(Input material Opens)
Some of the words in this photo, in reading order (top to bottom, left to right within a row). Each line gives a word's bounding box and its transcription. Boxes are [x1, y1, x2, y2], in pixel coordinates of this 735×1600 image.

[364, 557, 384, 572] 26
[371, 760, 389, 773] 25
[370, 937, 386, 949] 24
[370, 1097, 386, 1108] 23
(Input material Closes)
- _Your task_: Exactly as it appears above, write out the complete listing.

- _Response box_:
Some of the words in this photo, in reading order (top to bottom, left to right within a row). Each line gives a word's bounding box and its transcription. Boxes are [x1, y1, x2, y2], in pixel coordinates of this 735×1600 image.

[364, 557, 384, 572] 26
[371, 760, 389, 773] 25
[370, 937, 386, 949] 24
[370, 1097, 386, 1108] 23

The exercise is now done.